As we reported last January, 12-year-old Cason Hallwood, who suffered from asthma and a tree nut allergy, spent a happy Christmas Day with his mom, three brothers, and grandparents. After opening gifts and enjoying a Christmas dinner, he went out to a local park to play with his friends.
A short time after arriving, Cason began experiencing breathing difficulties and called his mom, Louise, who rushed to the park. She immediately administered his epinephrine auto-injector while his grandmother called emergency services.
Cason was rushed to Leighton Hospital where he died a short time later.
An inquest into Cason’s tragic death taking place in Warrington, England, heard even more tragic testimony from the boy’s grandfather: he had “completely forgotten” about his grandson’s allergy and used a glaze that contained nuts for the Christmas ham. Cason had “licked his plate clean” before going out to play.
His mom, Louise Hallwood, testified what happened next:
He didn’t want to sit and watch telly.
He asked if he could go to the park with his mates.
I said ‘ring me if you need me’, and with that he was gone.
About 20 minutes later, Cason called his mother asking for his inhalers.
I didn’t panic at this point and one of the twins said they’d go on Cason’s bike.
He was back in about 10 minutes and he said he seemed fine.
The next time her phone rang, she could tell the inhalers hadn’t worked as expected. She ran to the park with an EpiPen they kept at Cason’s grandparents’ house
I could tell straight away that he’d had something because his eyes were all puffy.
The EpiPen I had on me was out of date. The one at my house was in date but the one at my mum and dad’s wasn’t.
I was on the phone to the ambulance and asked permission to give it to him because it was out of date.
It made no difference.
Cason was saying ‘I can’t breathe, I’m going to pass out’ and I was screaming ‘help him’.
Ever since Cason had been diagnosed with a tree nut allergy, Louise made sure there were no tree nuts “of any description” in her house.
In a statement, Cason’s grandfather wrote that his “heart sank” when he realized what had happened:
I was just worried for Cason.
As a family, we are completely heartbroken.
Life will never be the same again.
Alan Moore, the coroner for the district, concluded Cason’s death was an accident. He said he was on duty that Christmas Day and remembered the case:
My heart really went out to you.
I couldn’t even imagine what you were going through as a family.
I can only say that as a family you have displayed, not just today but throughout since last Christmas, courage and dignity on a scale that I have never seen before.
Our deepest sympathies go out to the Hallwood family who had to recount the horrific circumstances surrounding the loss of Cason at the inquest. We wish them much strength, solace, and healing.
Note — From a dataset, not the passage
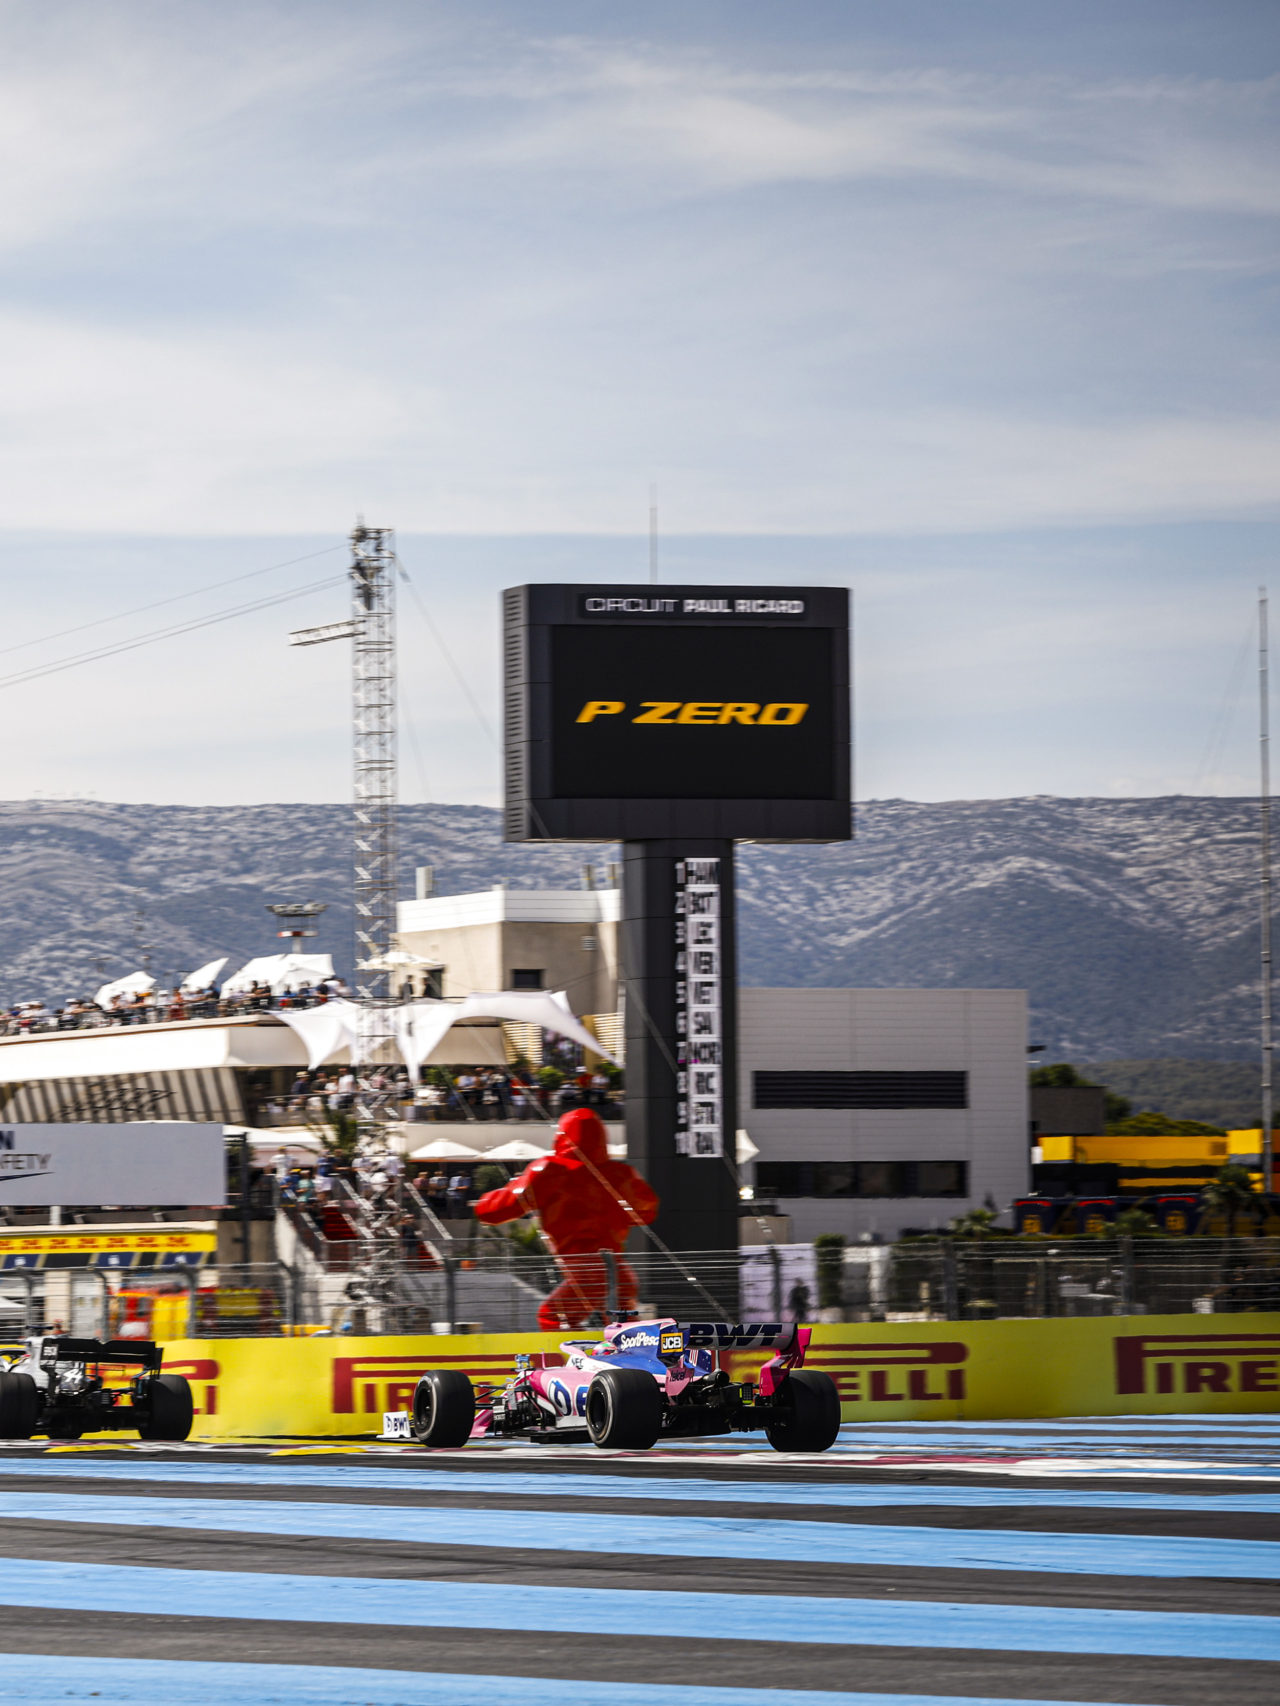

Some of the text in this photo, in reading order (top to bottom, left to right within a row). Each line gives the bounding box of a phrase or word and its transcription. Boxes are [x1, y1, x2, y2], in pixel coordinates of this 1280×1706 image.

As we do with these reports, we provide a number of takeaways that can help prevent such tragedies from befalling others in the food allergy community in the future.
First and foremost, epinephrine is the only drug that can halt the progression of anaphylaxis and should be administered as soon as anaphylaxis is suspected. Epinephrine should be administered first, before any other medications, the sooner the better.
We urge parents of children with food allergies that are mature enough to self-carry to train their child to recognize the symptoms of anaphylaxis and self-administer their epinephrine as soon as they experience symptoms, then call 911.
We also encourage parents to train their child’s friends and friends’ parents to recognize the symptoms of anaphylaxis and take action when necessary.
When visiting the home of a relative or friend, be sure to remind the host that your child has food allergies and that contact with a mere trace of their allergen could have catastrophic consequences.
Last but not least, although using an expired epinephrine auto-injector is better than no epinephrine at all, make sure you know where each auto-injector is located and be sure to refill them before they expire.